I know that third parties have never done particularly well in our presidential elections. Former President Theodore Roosevelt won 27% of the vote in 1912 and received 88 electoral votes. In 1968, George Wallace received 13% of the vote and won 45 southern state electoral votes. And Ross Perot, after leading in early 1992 then dropping out July, came back to score 19% of the popular vote. But Perot won no electoral votes.

But this year history and tradition do not seem to matter very much. Age certainly does not appear to be a factor as two 68-year-old frontrunners possibly face off against each other–and one is threatened by a 74-year-old Democratic challenger. Meanwhile, a 93-year-old GOP icon suggests a 73-year-old former Speaker as Donald Trump’s running mate, and a 72-year-old vice president perhaps waits in the wings to be the substitute if needed.

The two parties appear ready to nominate two of the most unpopular candidates in the country and confidence in both the Democratic and Republican parties is at an all time low. Not quite half (45%) say they are willing to support an independent candidate–and this is late in the game. Trump has broken all the rules of engagement and Hillary Clinton faces either a possible indictment or at least some sort of serious reprimand.

As mentioned, Johnson hit 10% in a national poll. Here are the details on that

Gary Johnson, the Libertarian Party nominee and former governor of New Mexico, is polling at 10 percent in two recently released national polls against Hillary Clinton and Donald Trump, reports FiveThirtyEight.

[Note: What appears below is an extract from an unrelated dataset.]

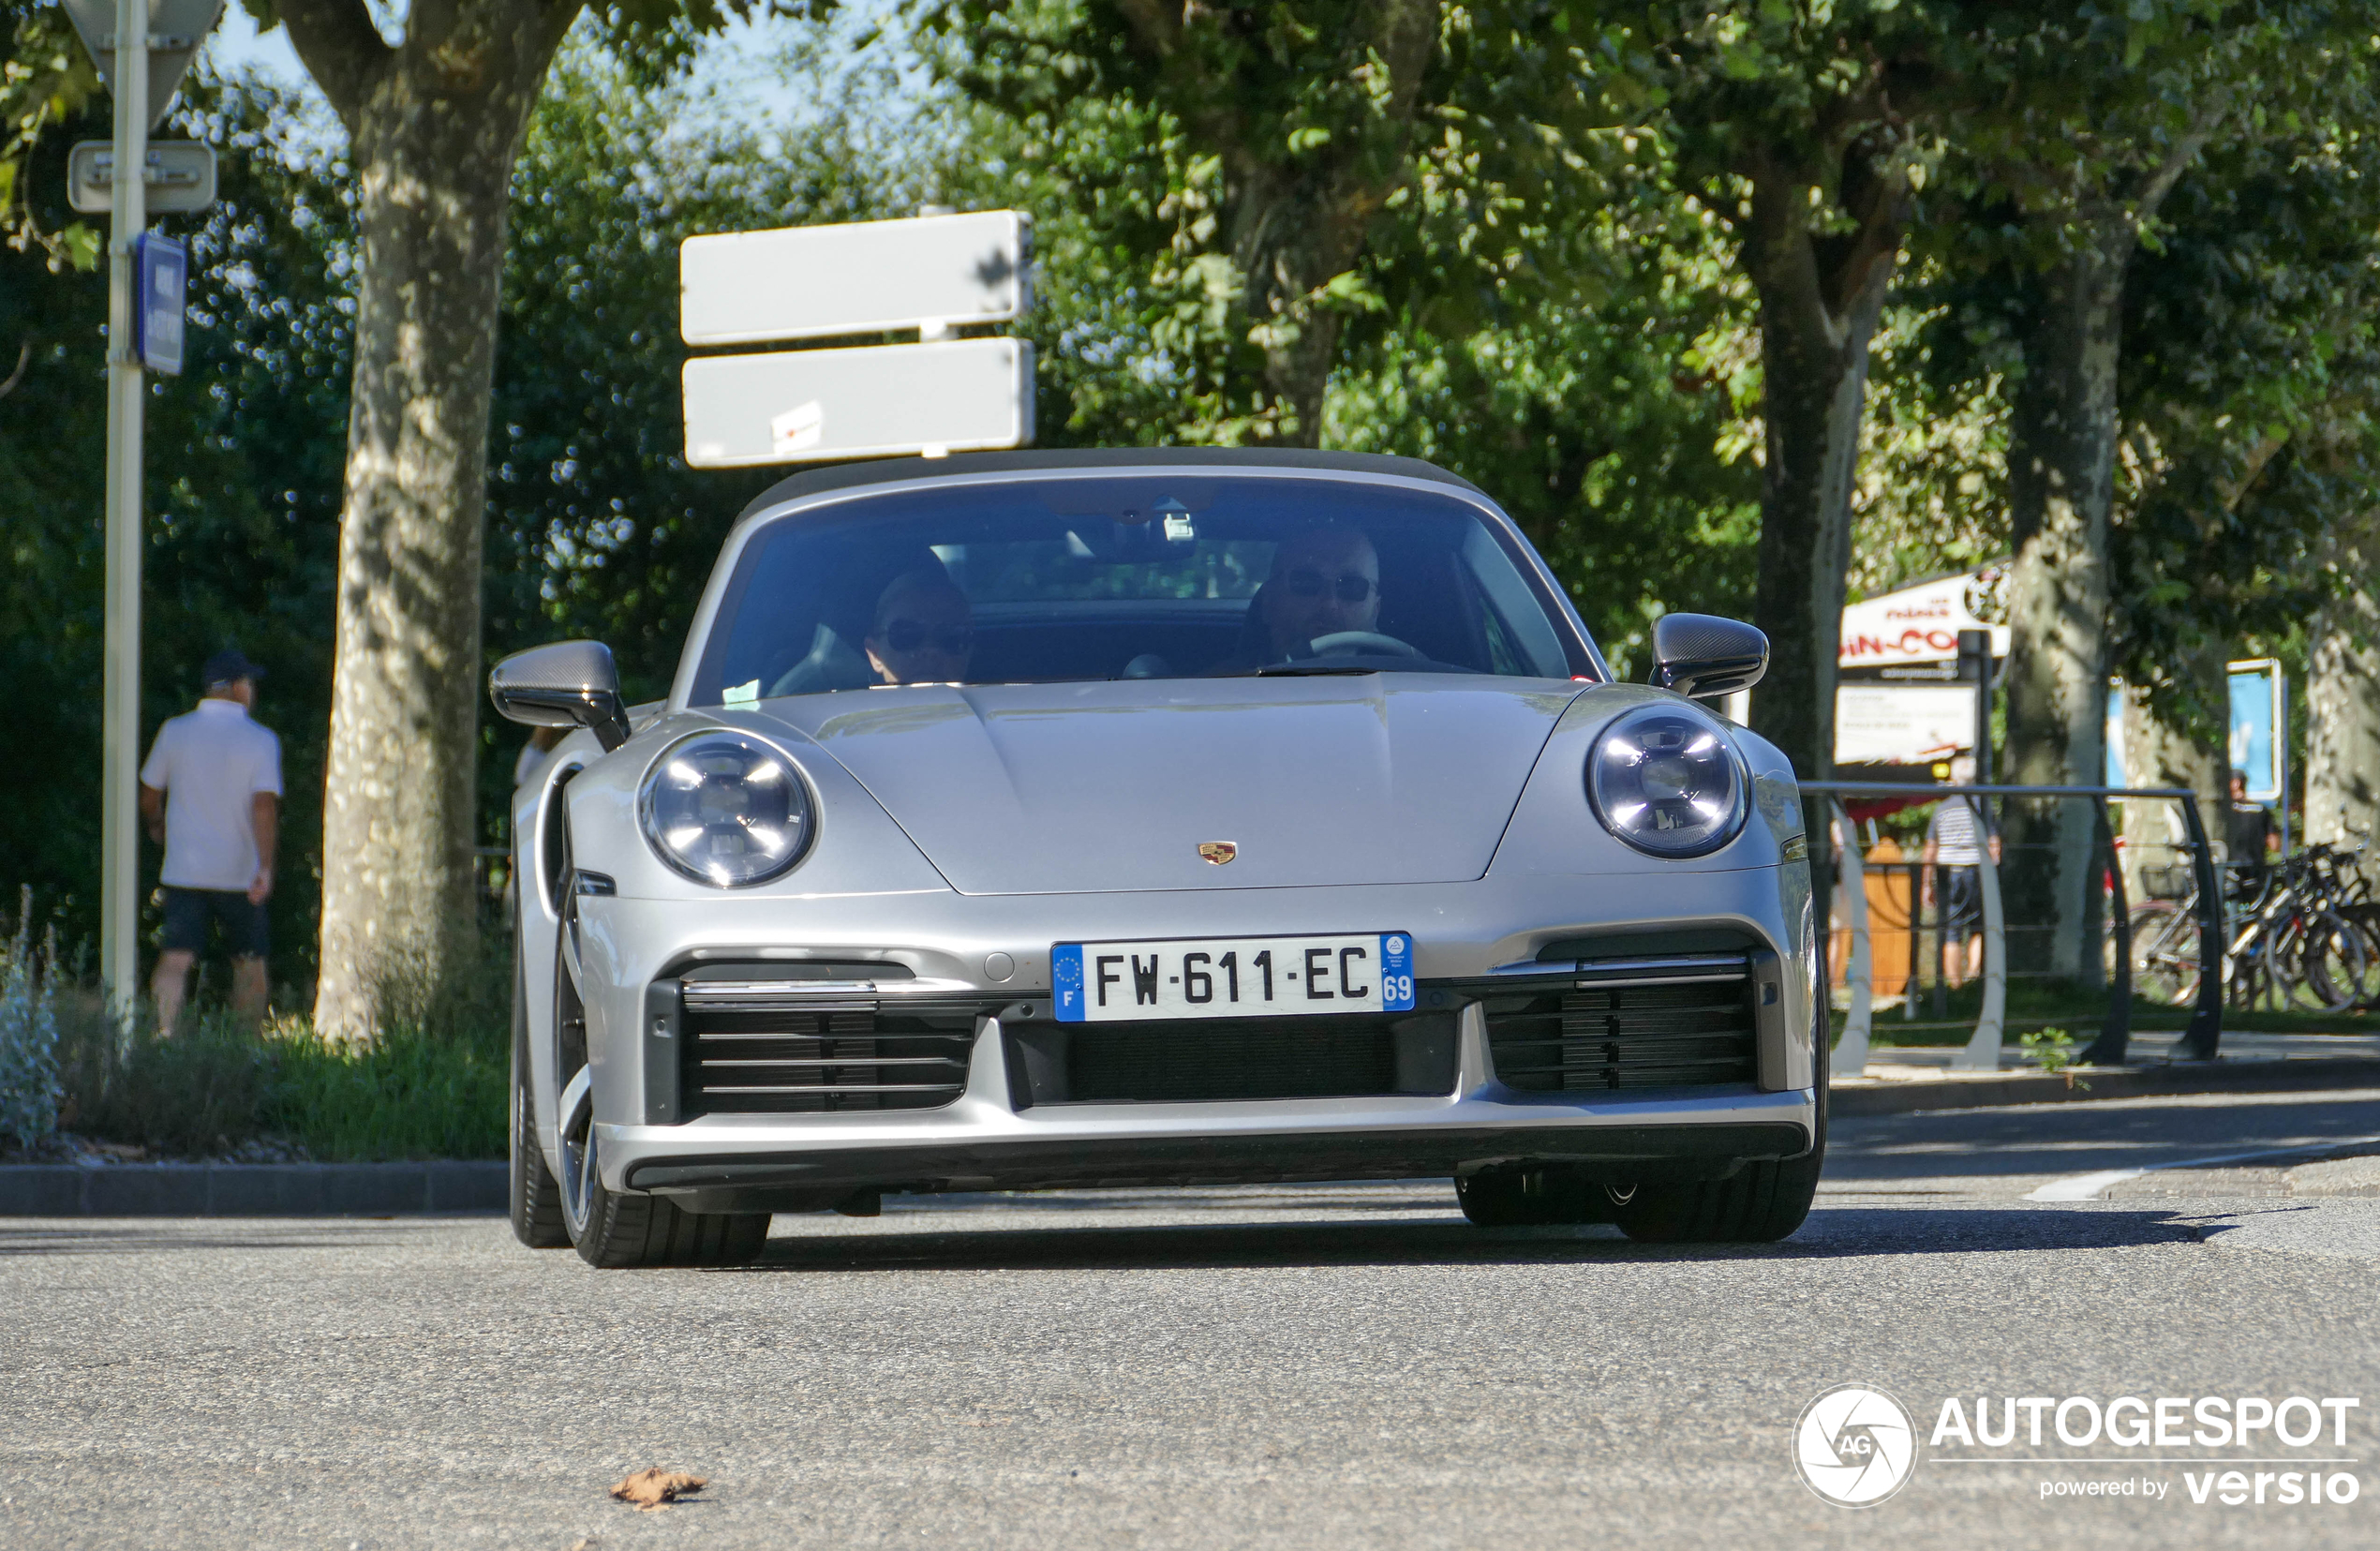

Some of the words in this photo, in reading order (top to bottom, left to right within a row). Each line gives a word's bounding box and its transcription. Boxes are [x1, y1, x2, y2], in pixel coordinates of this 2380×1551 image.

A Morning Consult survey published Tuesday found Clinton getting 38 percent, Trump at 35, and Johnson at 10, with 17 percent undecided. A Fox News poll conducted from May 14-17 showed Trump at 42 percent, Clinton at 39 percent, and Johnson at 10 percent.

Sure, it’s just one poll so far, so let’s get that out of the way. This could be meaningless, and it may change in a week. However, given the historically unfavorable ratings of Clinton and Trump, Johnson seems poised to reap some of the benefit.

Polling at 10% is just 5 points shy of the 15% threshold to be included in the official Presidential debates in the Fall. He’d have to meet that 15% threshold in several different polls over the summer, but if he’s starting at 10% before anyone knows who he is, that level of support could be attainable. If that happens, the race might just get shuffled again in ways we can’t even imagine. It’s been decades since someone besides a Republican or Democrat appeared on the Presidential debate stage, all the way back to 1992 with Ross Perot.

Gary Johnson could be on the verge of making waves for the Libertarian Party in 2016 with disaffected fans of Bernie Sanders, and perhaps disaffected Republicans who are not riding the “Trump Train.”